With the help of new equipment and revamped training sessions, Geneseo First Response – the on-campus, student-run emergency medical care provider – strives to offer the highest quality of care to students, staff and visitors to the college.
Although Geneseo First Response was established in 1974, according to GFR's Chief of Operations junior Gideon Cohen, it wasn't until five or six years ago that it became a New York State certified emergency medical service. With this distinction, Cohen said, GFR received more funding and instead of just transporting students to Lauderdale Health Center, the organization began providing on-site care. GFR now accompanies the ambulance to the scene of an emergency and stabilizes patients before they are taken to the hospital.
Cohen said GFR received 291 calls in 2011. While 100 of these calls were alcohol-related, the other 191 involved issues such as traumatic injuries, unconsciousness, allergic reactions and asthma attacks.
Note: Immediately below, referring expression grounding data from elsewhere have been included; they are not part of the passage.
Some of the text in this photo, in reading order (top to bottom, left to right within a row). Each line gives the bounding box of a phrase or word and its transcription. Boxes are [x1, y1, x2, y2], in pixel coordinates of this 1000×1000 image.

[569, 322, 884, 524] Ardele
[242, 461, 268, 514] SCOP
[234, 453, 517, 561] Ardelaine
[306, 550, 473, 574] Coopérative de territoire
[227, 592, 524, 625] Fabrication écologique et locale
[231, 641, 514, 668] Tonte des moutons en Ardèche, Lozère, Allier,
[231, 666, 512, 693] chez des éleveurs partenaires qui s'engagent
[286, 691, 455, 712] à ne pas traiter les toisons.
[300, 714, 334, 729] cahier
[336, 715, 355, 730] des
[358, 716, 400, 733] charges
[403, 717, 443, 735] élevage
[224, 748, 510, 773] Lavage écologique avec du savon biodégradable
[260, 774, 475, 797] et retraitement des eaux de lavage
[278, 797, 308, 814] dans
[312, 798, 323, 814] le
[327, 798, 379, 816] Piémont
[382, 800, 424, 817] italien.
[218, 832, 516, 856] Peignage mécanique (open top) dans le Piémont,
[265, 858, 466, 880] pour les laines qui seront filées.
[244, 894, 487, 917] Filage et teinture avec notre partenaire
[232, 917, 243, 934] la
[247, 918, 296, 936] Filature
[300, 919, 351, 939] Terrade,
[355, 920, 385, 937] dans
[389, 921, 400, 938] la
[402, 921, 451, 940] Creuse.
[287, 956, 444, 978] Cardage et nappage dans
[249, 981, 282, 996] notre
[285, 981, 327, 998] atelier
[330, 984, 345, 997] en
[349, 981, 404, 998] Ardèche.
In light of the increasing number and difficulty of emergencies GFR addresses, the organization has recently updated its training requirements. "We always have to reevaluate our trainings to continue giving the quality care that we give," said sophomore Tim Kelly, the second assistant chief of the organization.
After a very selective application process – GFR only accepted 15 of its 95 applicants last semester – Kelly said GFR will hold more training sessions and will require both a written and a practical test before making a student's membership official.
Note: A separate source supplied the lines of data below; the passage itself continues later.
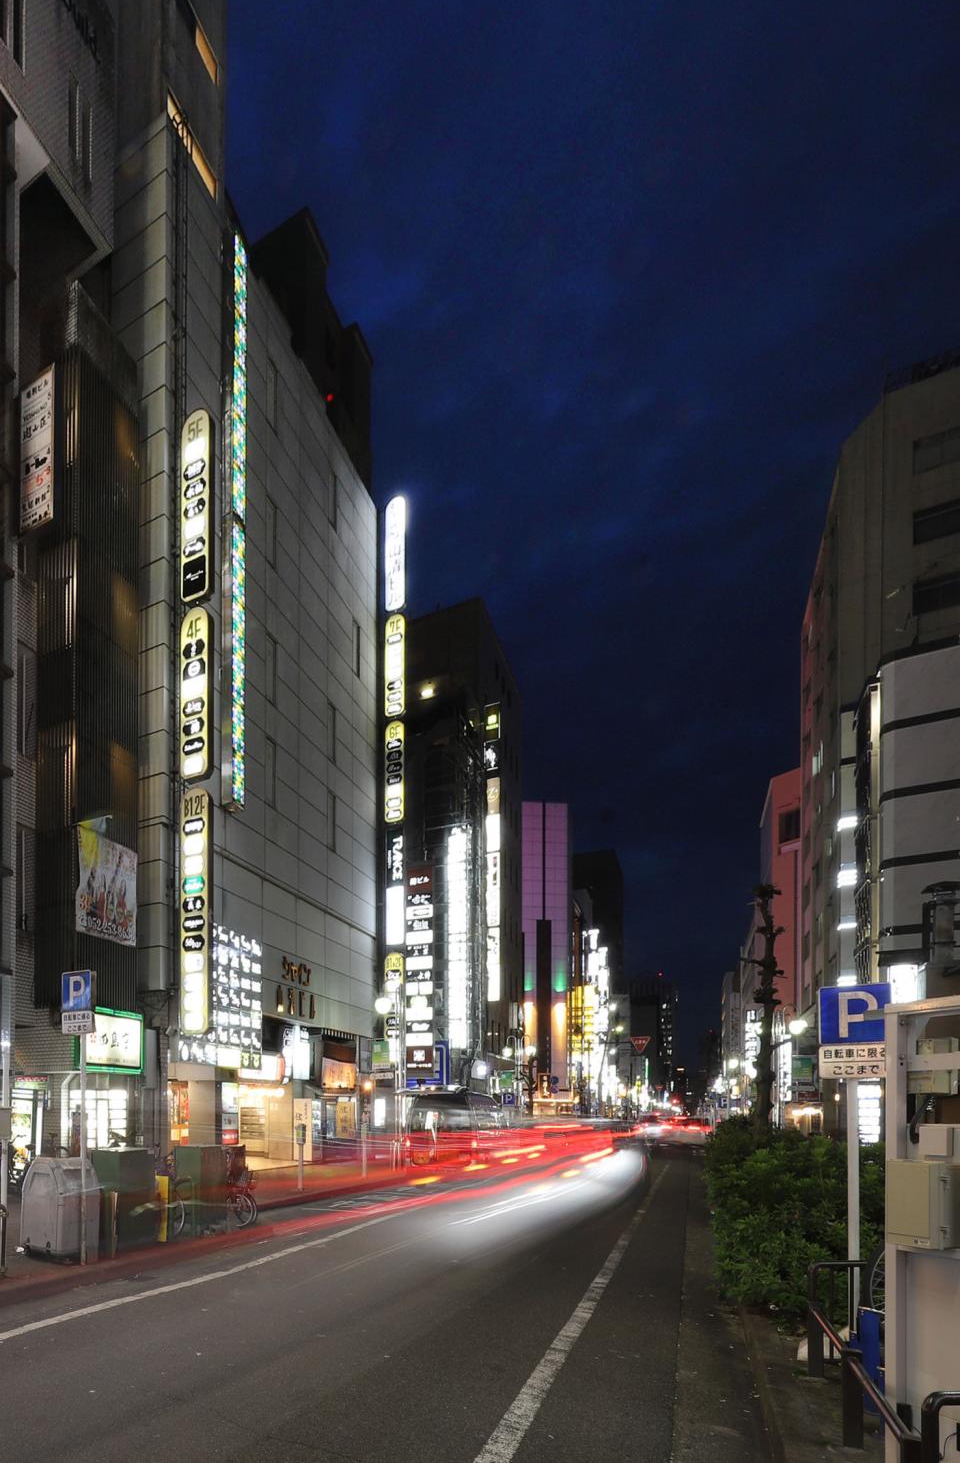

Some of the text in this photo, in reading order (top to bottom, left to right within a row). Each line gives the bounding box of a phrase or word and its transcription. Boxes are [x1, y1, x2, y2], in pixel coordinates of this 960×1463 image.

[187, 418, 204, 441] 5F
[186, 616, 202, 639] 4F
[69, 975, 86, 1007] P
[838, 991, 878, 1039] P
[823, 1048, 886, 1060] 自転車に限る
[833, 1065, 880, 1075] ここまで
"We hope all our members will become certified [emergency medical technicians]," Cohen said, citing another reason for higher training standards.
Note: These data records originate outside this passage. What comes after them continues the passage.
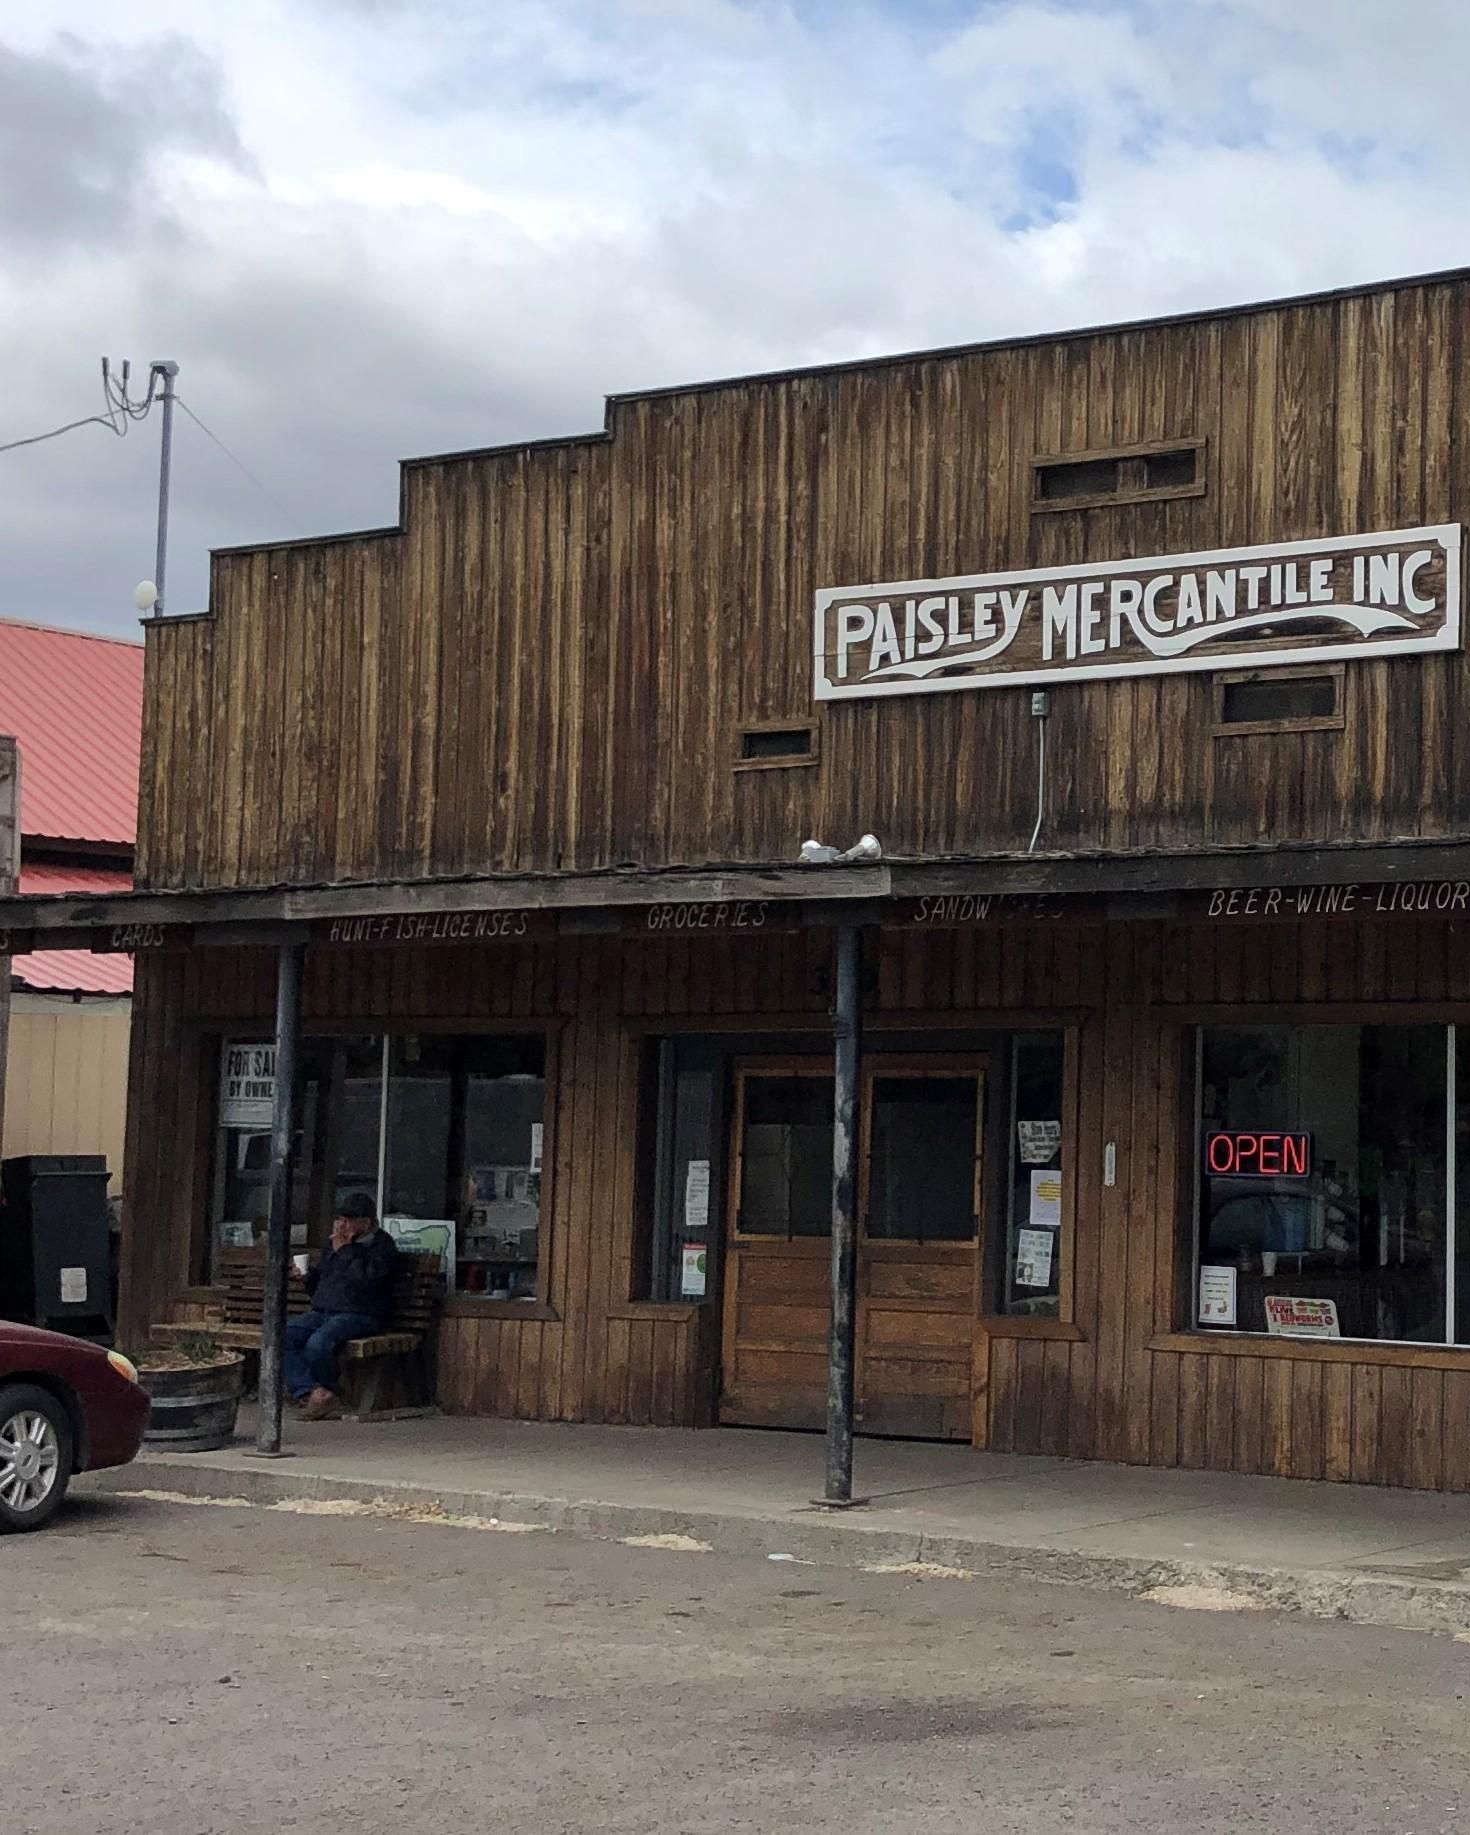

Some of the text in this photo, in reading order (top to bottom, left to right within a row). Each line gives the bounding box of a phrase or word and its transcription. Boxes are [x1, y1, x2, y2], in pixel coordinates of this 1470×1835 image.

[837, 549, 1437, 680] PAISLEY MERCANTILE INC
[330, 913, 529, 942] HUNT-FISH-LICENSES
[647, 901, 769, 930] GROCERIES
[112, 924, 166, 948] CARDS
[227, 1049, 250, 1077] FOR
[228, 1080, 274, 1098] BY OWNE
[1210, 1135, 1306, 1174] OPEN
The increase in funding that came with becoming NYS certified has allowed GFR to purchase state-of-the-art equipment. "We have all of the capabilities of an ambulance with the exception of a backboard," Cohen said. In the past year, GFR has been able to purchase new pagers and a radio, suction and splints. The big purchase of the next few months will be an external defibrillator.
According to junior Caroline Schwartz, the first assistant chief, GFR is also working to "increase the amount of care we give outside of what we normally do." The organization does this by providing stand-by care at campus events. During last year's spring concert, GFR treated 17 patients. At the Kid Cudi concert this spring, the organization plans to have staff standing by as well.
GFR members attend the National Collegiate EMS Conference annually. This year, the conference was held in Baltimore, Md. and 90 - 100 student-based EMS services attended, coming from colleges in California to Alaska. Schwartz said that attending the conference helps GFR to set a foundation for yearly growth. "[At the conference,] we can interact and see what other schools are doing," she said. "It's nice to have that support."